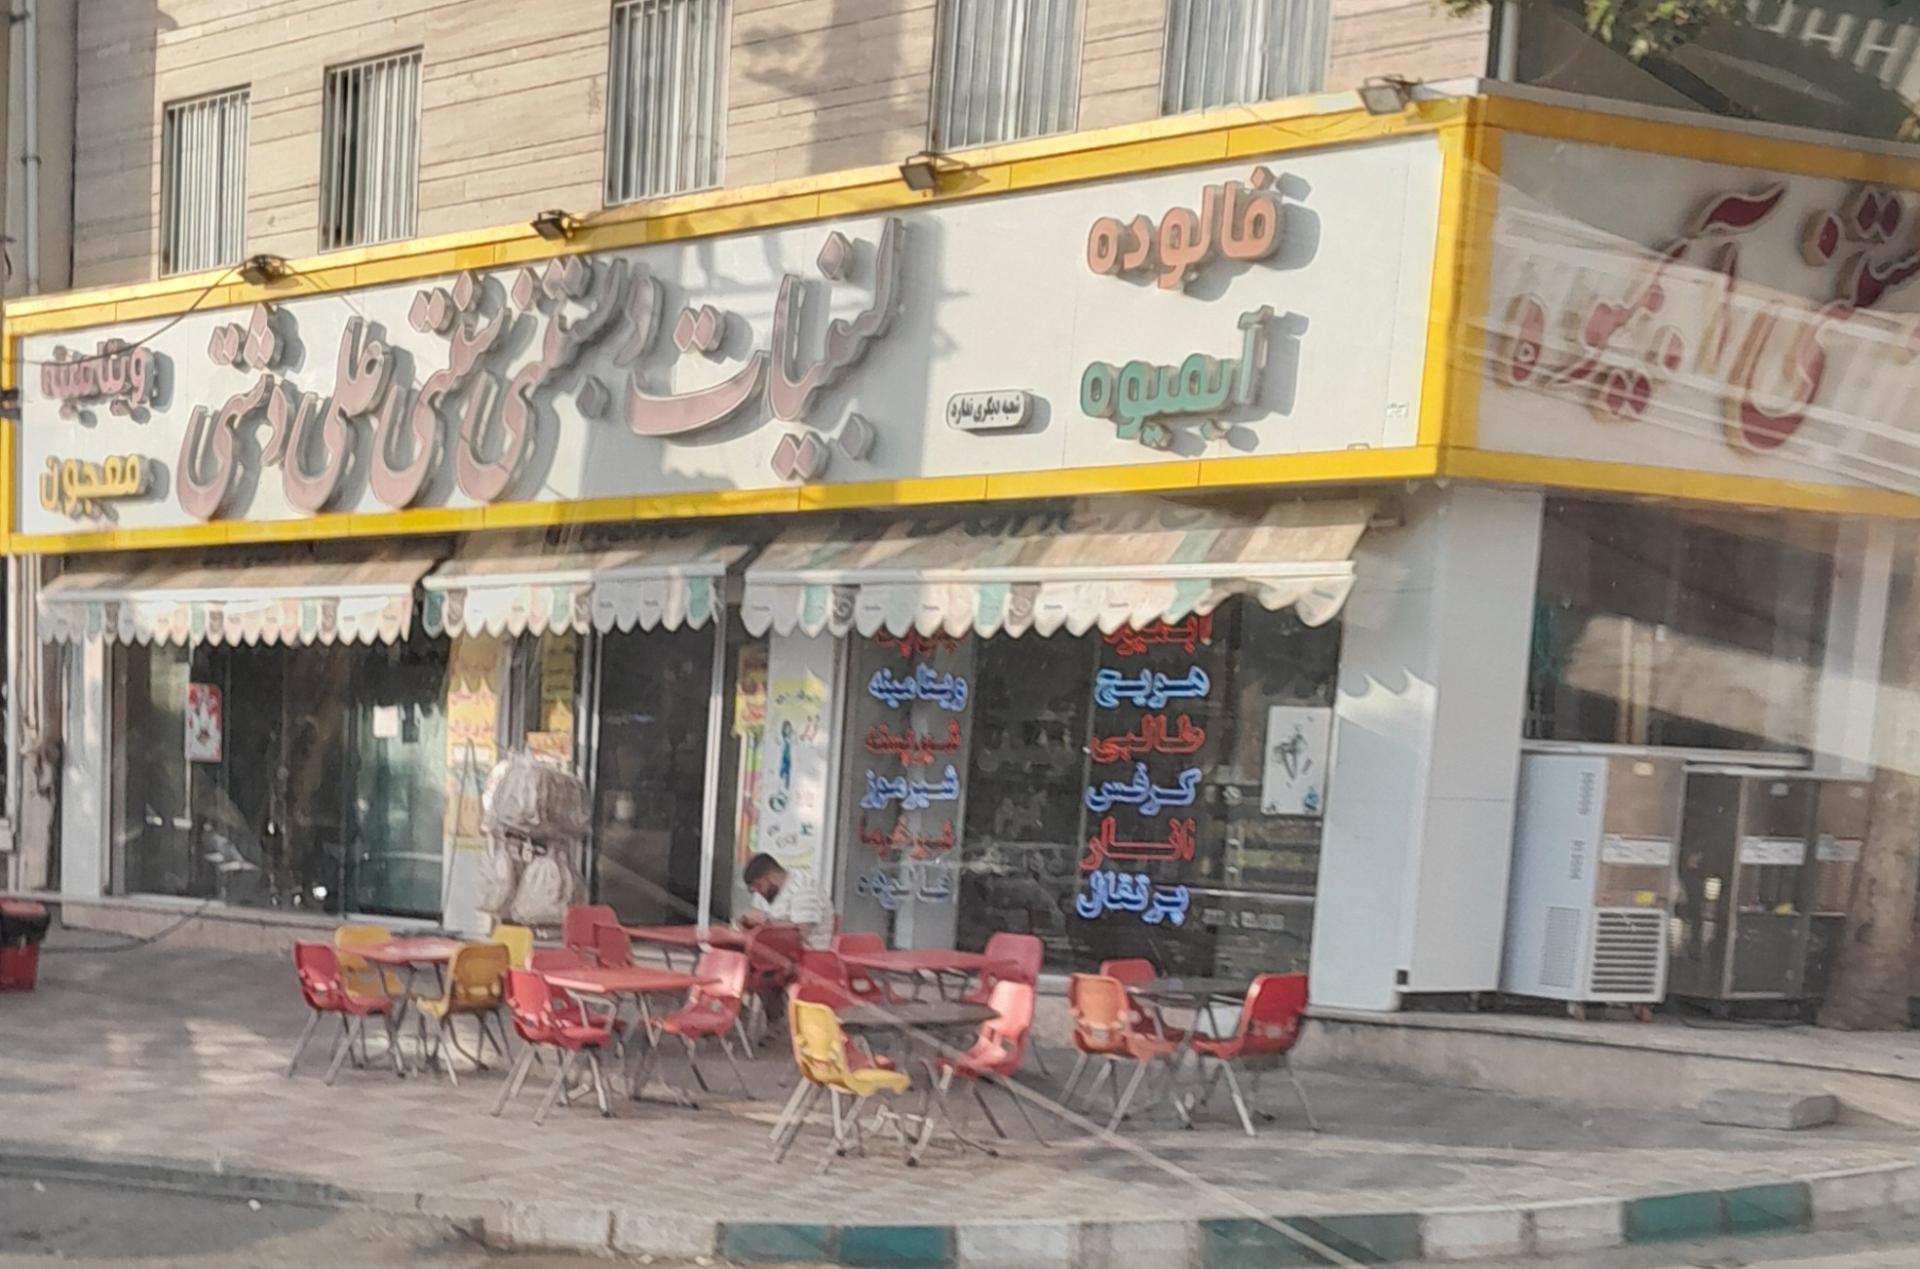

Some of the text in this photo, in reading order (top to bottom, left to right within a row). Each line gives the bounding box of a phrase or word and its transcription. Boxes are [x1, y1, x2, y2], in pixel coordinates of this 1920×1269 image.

[1087, 166, 1281, 290] فالوده
[457, 254, 629, 502] بستنی
[627, 216, 905, 481] لبنیات
[1080, 305, 1274, 449] آبمیوه
[39, 453, 150, 519] معجون
[1096, 665, 1210, 709] هویج
[1089, 714, 1205, 762] طالبی
[1086, 762, 1202, 816] کرفس
[1076, 869, 1190, 927] پرتقال
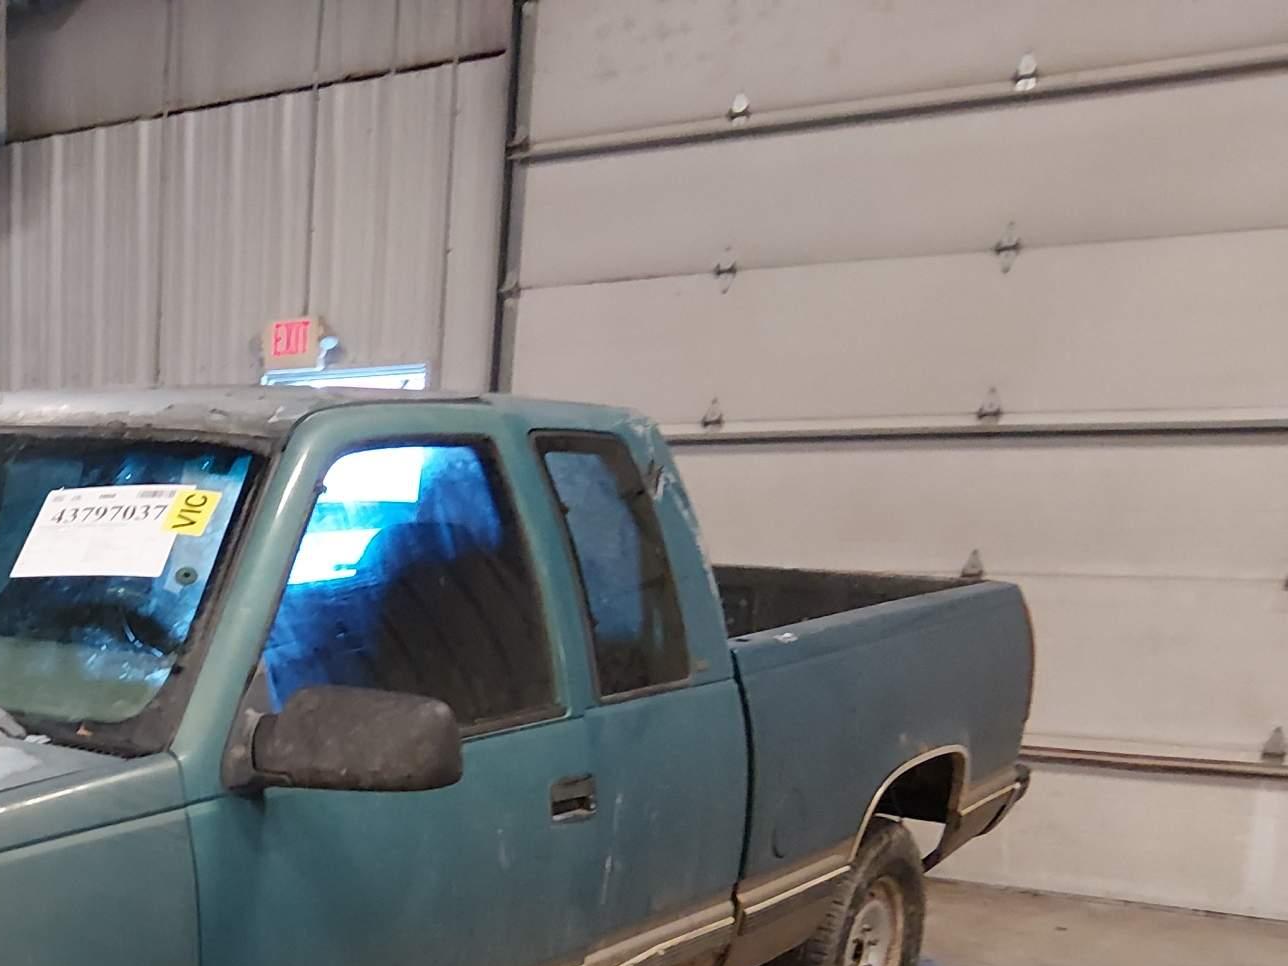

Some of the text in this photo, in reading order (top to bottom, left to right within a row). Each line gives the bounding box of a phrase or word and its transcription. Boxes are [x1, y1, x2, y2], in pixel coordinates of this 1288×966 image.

[273, 321, 310, 356] EXIT
[51, 504, 168, 523] 43797037
[172, 494, 208, 528] VIC
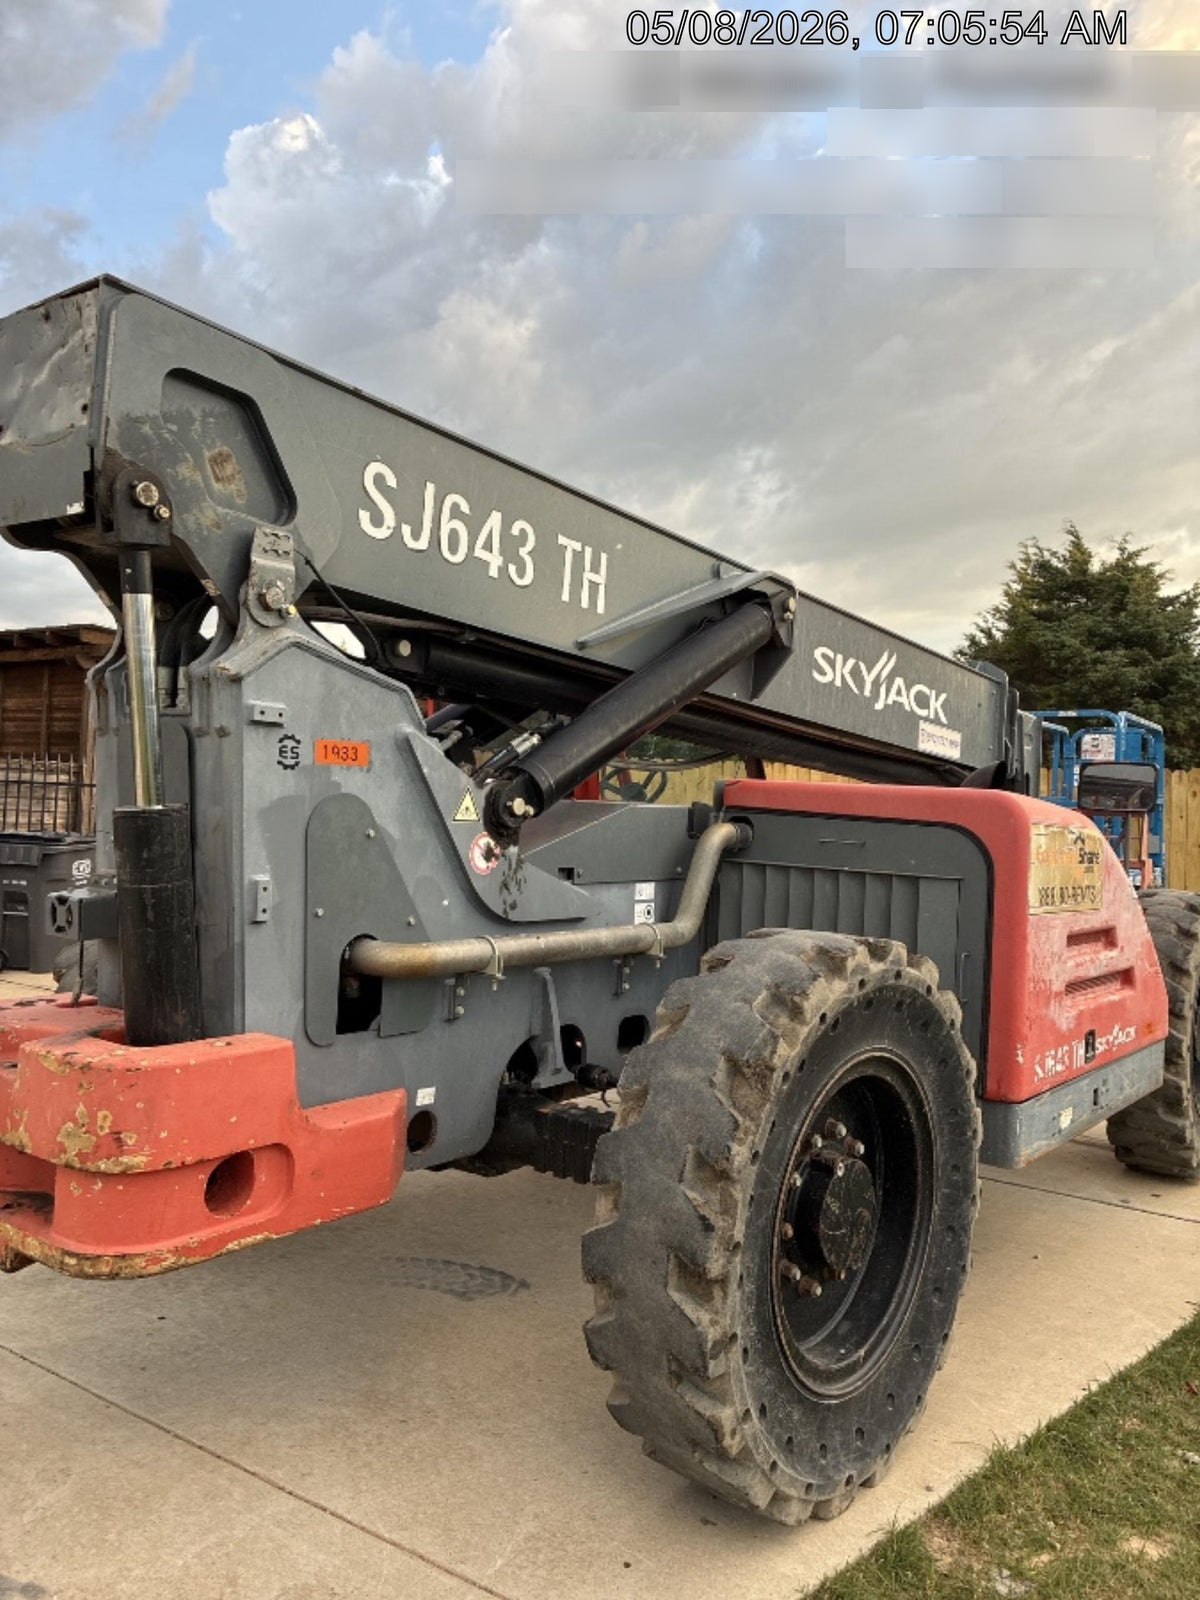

PROBLEM → For this exercise, return every entry verbatim and omit all pictures.

ANSWER TO THE EXERCISE →
Some of the text in this photo, in reading order (top to bottom, left to right within a row). Each line gives the bounding box of a phrase or word and its transcription. Boxes are [x1, y1, x2, y2], in pixel coordinates of this 1920×1269 image.

[1087, 166, 1281, 290] فالوده
[457, 254, 629, 502] بستنی
[627, 216, 905, 481] لبنیات
[1080, 305, 1274, 449] آبمیوه
[39, 453, 150, 519] معجون
[1096, 665, 1210, 709] هویج
[1089, 714, 1205, 762] طالبی
[1086, 762, 1202, 816] کرفس
[1076, 869, 1190, 927] پرتقال

Some of the text in this photo, in reading order (top to bottom, left to right within a row). Each line gives the bounding box of a phrase or word and its transcription. Boxes are [x1, y1, x2, y2], in pixel coordinates of this 1288×966 image.

[273, 321, 310, 356] EXIT
[51, 504, 168, 523] 43797037
[172, 494, 208, 528] VIC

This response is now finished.